Analytical Method Development and Validation for the Simultaneous Estimation of Azelnidipine and Telmisartan by RP-HPLC in Bulk and Tablet Dosage Forms

Abstract

An accurate, precise and reproducible RP-HPLC method was developed for the simultaneous quantitative determination of Azelnidipine and Telmisartan in tablet dosage forms. Agilent (S.K) Gradient System UV Detector and C18 column with 250mm x 4.6mm i.d and 5μm particle size Acetonitrile: ph Buffer (80:20v/v) pH 3 was used as the mobile phase for the method.
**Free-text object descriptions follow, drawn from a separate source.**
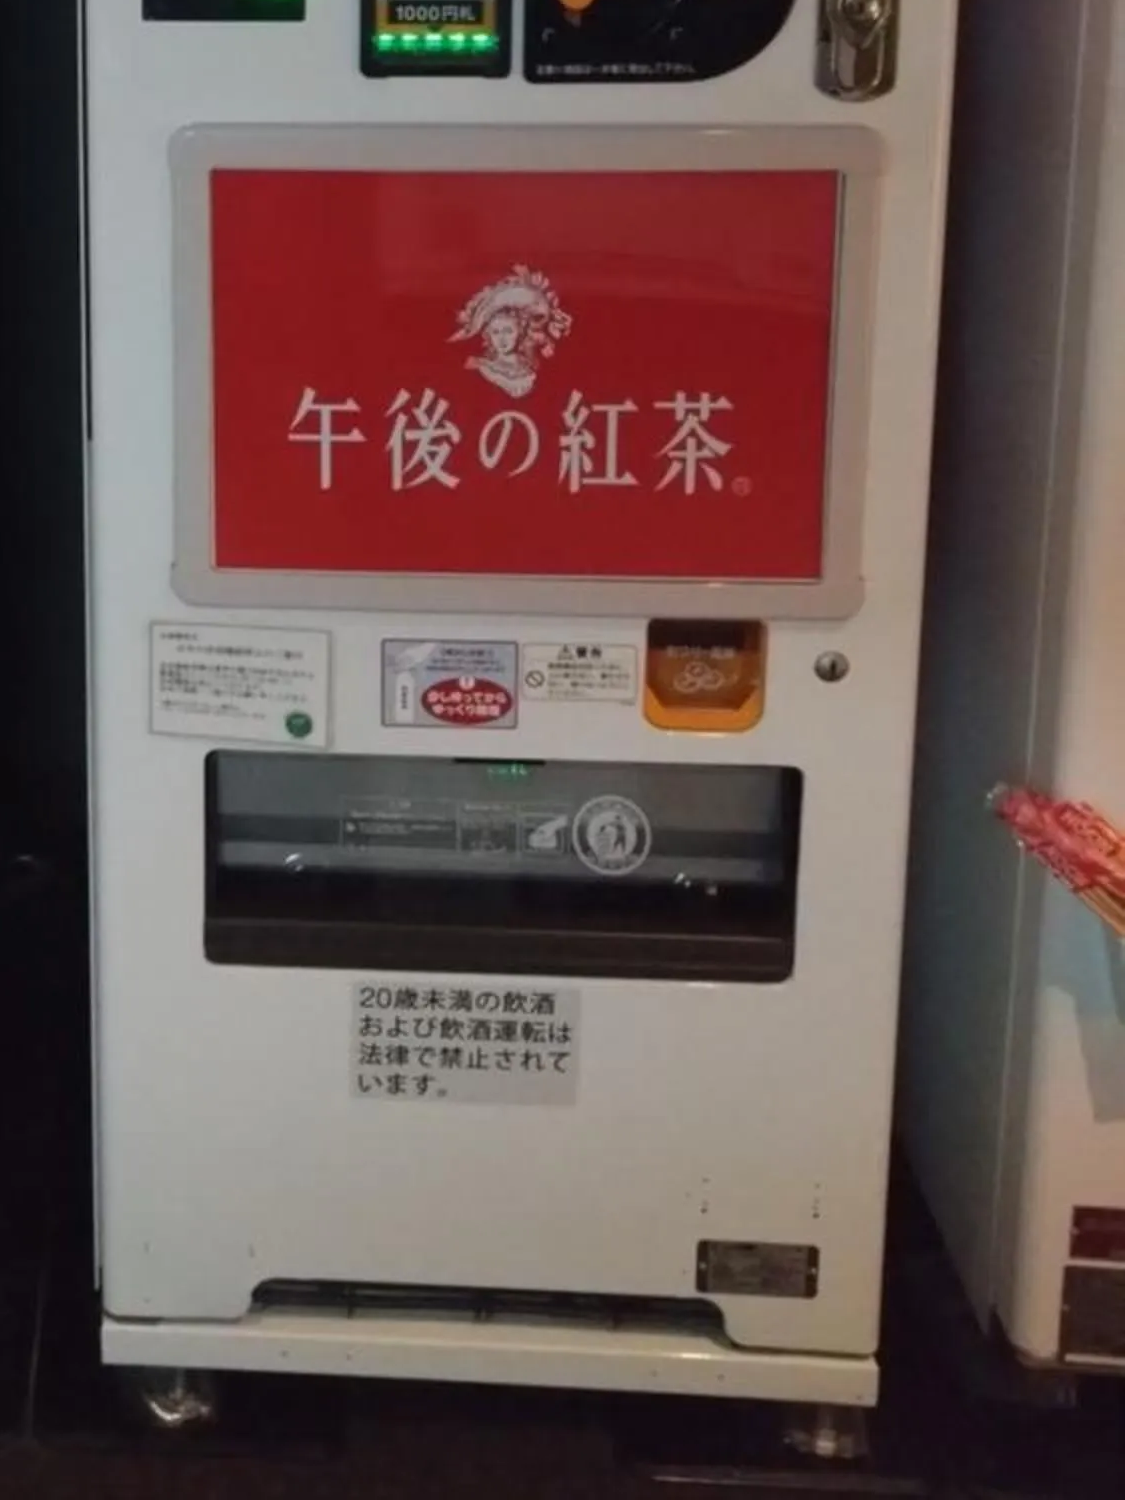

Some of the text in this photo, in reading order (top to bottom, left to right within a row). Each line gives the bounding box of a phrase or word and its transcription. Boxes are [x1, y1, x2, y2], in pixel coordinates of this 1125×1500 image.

[287, 386, 735, 496] 午後の紅茶
[359, 986, 556, 1015] 20歳未満の飲酒
[359, 1015, 573, 1044] および飲酒運転は
[358, 1042, 572, 1073] 法律で禁止されて
[357, 1073, 448, 1097] います。
The detection wavelength was 237nm and flow rate was 0.9 ml/min. In the developed method, the retention time of Azelnidipine and Telmisartan were found to be 4.77 min and 11.97min. The developed method was validated according to the ICH guidelines. The linearity, precision, range, robustness was within the limits as specified by the ICH guidelines. Hence the method was found to be simple, accurate, precise, economic and reproducible. The developed method was validated according to the ICH guidelines. In this methods linearity, precision, range, robustness were observed. The method was found to be simple, accurate, precise, economic and reproducible. So the proposed methods can be used for the routine quality control analysis of AZN and TMZ in bulk drug as well as in formulations.